Risiko Dampak Potensial Cara Mitigasi
Volatilitas global (Wall Street < 0,5 % → < 1 %) Penurunan IHSG hingga 150‑200 poin pada hari itu. Hedging dengan kontrak futures IDX atau opsi jual (PUT).
Kenaikan USD (Fed tetap, memperlebar yield gap) Mengurangi arus modal masuk, menekan saham ekspor (TINS, TLKM). Pilih saham yang memiliki pendapatan dalam USD (mis. TLKM lewat roaming, TINS via kontrak penjualan timah ke luar negeri).
Kejutan geopolitik (mis. konflik energi Timur Tengah) Harga energi dapat melambung tajam, meningkatkan biaya produksi. Pertahankan posisi di sektor energi (batu bara) sebagai penyeimbang.
Data ekonomi AS tunda (government shutdown) Tidak ada petunjuk arah kebijakan moneter, meningkatkan uncertainty premium. Fokus pada fundamental domestik dan dividen yield (UNVR, TLKM).
Kejadian korporasi (hasil earnings surprise) Saham individual dapat bergerak tajam melampaui pergerakan indeks. Pantau jadwal earnings (biasanya di akhir minggu).

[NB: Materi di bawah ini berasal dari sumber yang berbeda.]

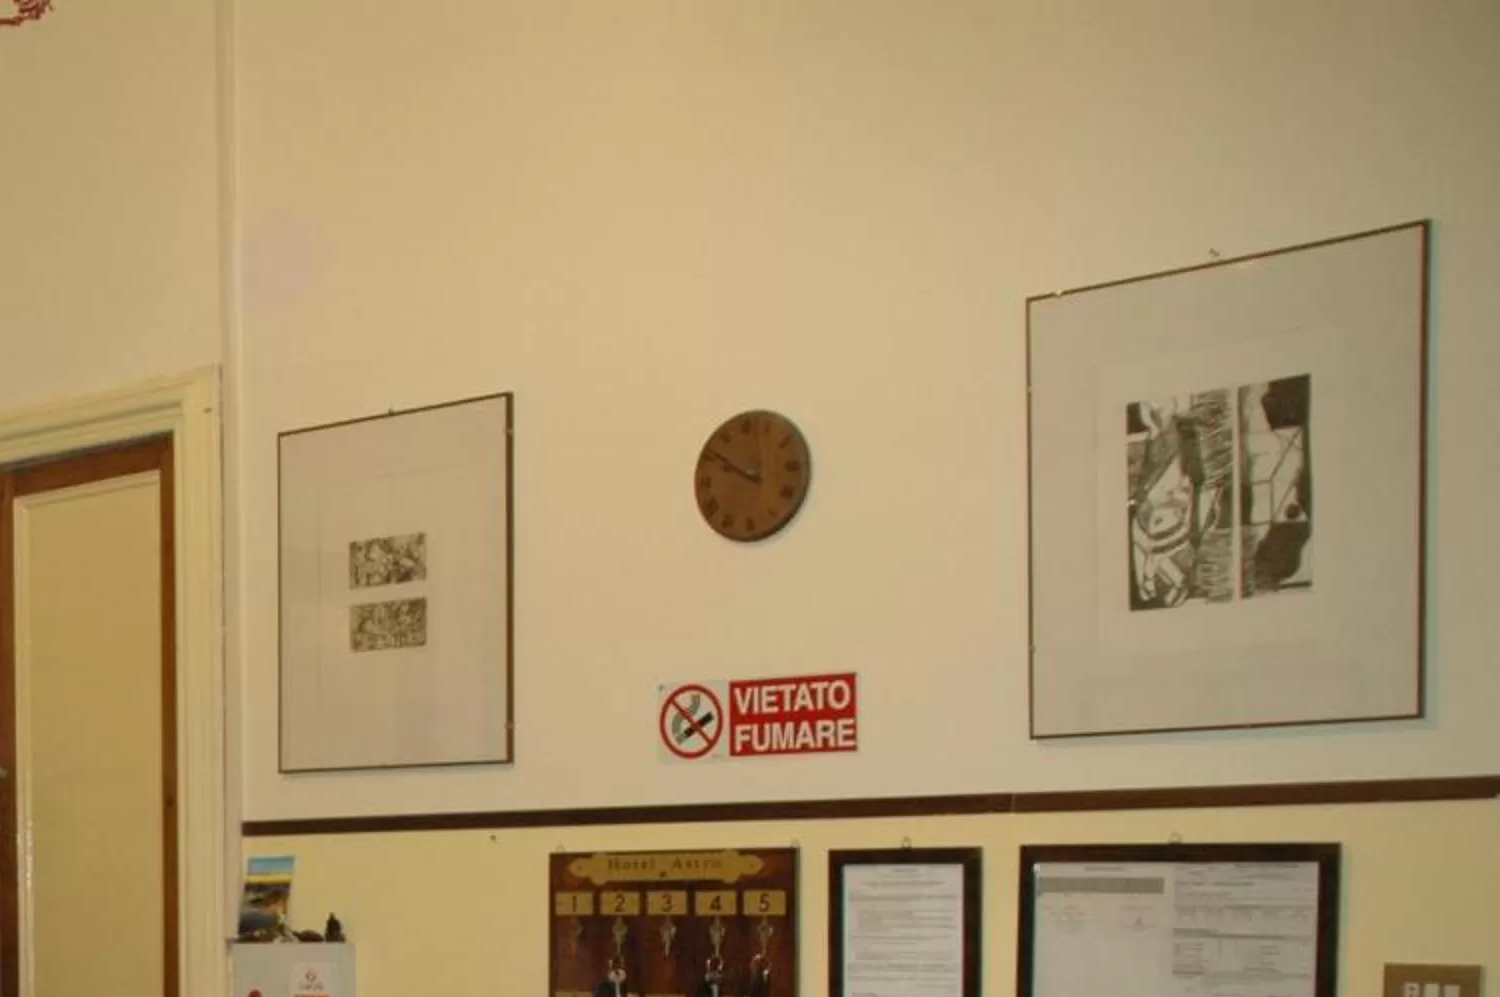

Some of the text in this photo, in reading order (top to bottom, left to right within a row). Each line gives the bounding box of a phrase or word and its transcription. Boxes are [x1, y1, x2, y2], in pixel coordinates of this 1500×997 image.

6. Kesimpulan & Outlook Jangka Pendek

  • IHSG diperkirakan akan lemah pada sesi Senin, namun potensi dukungan dari sektor energi dapat menahan penurunan berlebih. Investor harus siap menghadapi pergerakan ± 100‑150 poin tergantung pada dinamika pasar AS.
  • Enam rekomendasi CGS (GOTO, TINS, TLKM, ASII, UNVR, INTP) menunjukkan relative strength yang kuat, didukung oleh fundamental yang masih sehat. Mereka dapat berfungsi sebagai anchor dalam portofolio harian maupun swing‑trading.
  • Strategi trading yang disarankan: masuk pada pull‑back dengan stop‑loss ketat (2‑3 %) dan target risk‑reward ≥ 1:2. Selalu perhatikan kondisi IHSG secara real‑time – bila indeks menembus support 8 320, pertimbangkan reduksi eksposur atau hedging.
  • Jangka menengah (2‑4 minggu): bila harga energi tetap tinggi dan Fed tetap “hawkish”, saham defensif (UNVR, TLKM) serta komoditas (TINS) kemungkinan akan mengungguli. Saham pertumbuhan (GOTO, INTP) dapat kembali menguat setelah pasar menemukan dasar yang lebih stabil.

Catatan Penutup: Analisis ini bersifat informasi pasar dan bukan rekomendasi investasi yang mengikat. Selalu lakukan due‑diligence sendiri atau konsultasikan dengan penasihat keuangan sebelum mengeksekusi transaksi.


Semoga ulasan ini membantu Anda menavigasi pasar yang dinamis pada 17 Nov 2025. Selamat berinvestasi dengan bijak!